[Spatial localization data]
....

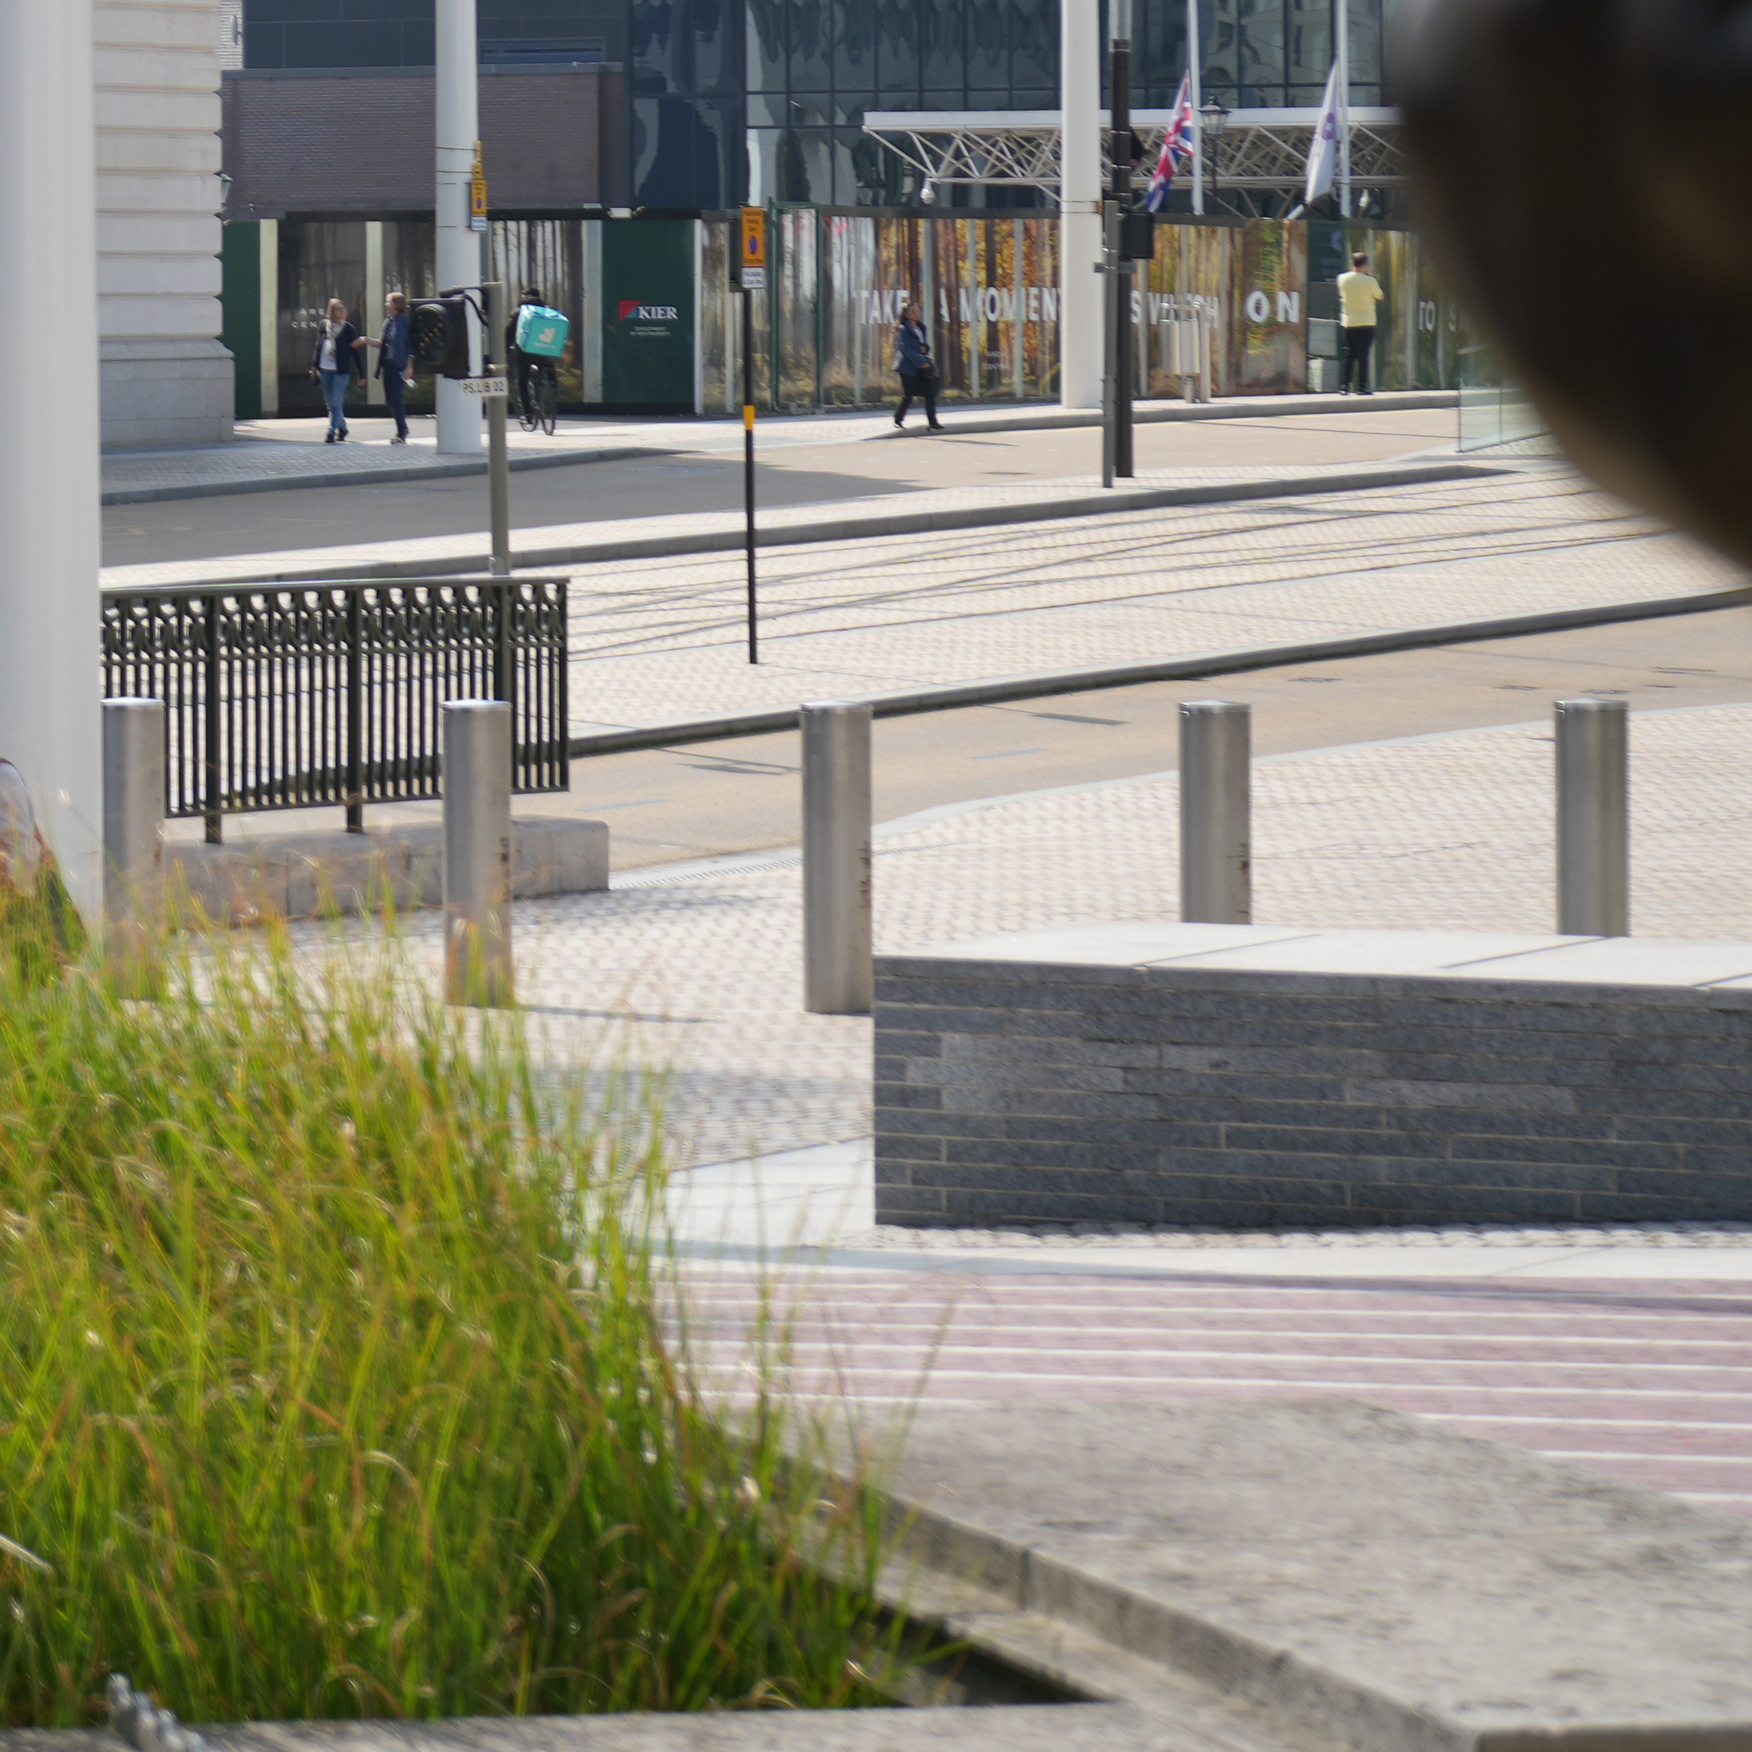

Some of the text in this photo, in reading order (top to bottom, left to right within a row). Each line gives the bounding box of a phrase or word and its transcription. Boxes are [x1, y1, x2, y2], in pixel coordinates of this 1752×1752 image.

[959, 286, 1063, 322] MOMEN
[1246, 290, 1300, 323] ON
[637, 305, 679, 320] KIER
[493, 380, 505, 392] 02

....

Word for word, repeat each line of the records, and leave every image out.

• Finished exercise:
Some of the text in this photo, in reading order (top to bottom, left to right within a row). Each line gives the bounding box of a phrase or word and its transcription. Boxes are [x1, y1, x2, y2], in pixel coordinates of this 1752×1752 image.

[959, 286, 1063, 322] MOMEN
[1246, 290, 1300, 323] ON
[637, 305, 679, 320] KIER
[493, 380, 505, 392] 02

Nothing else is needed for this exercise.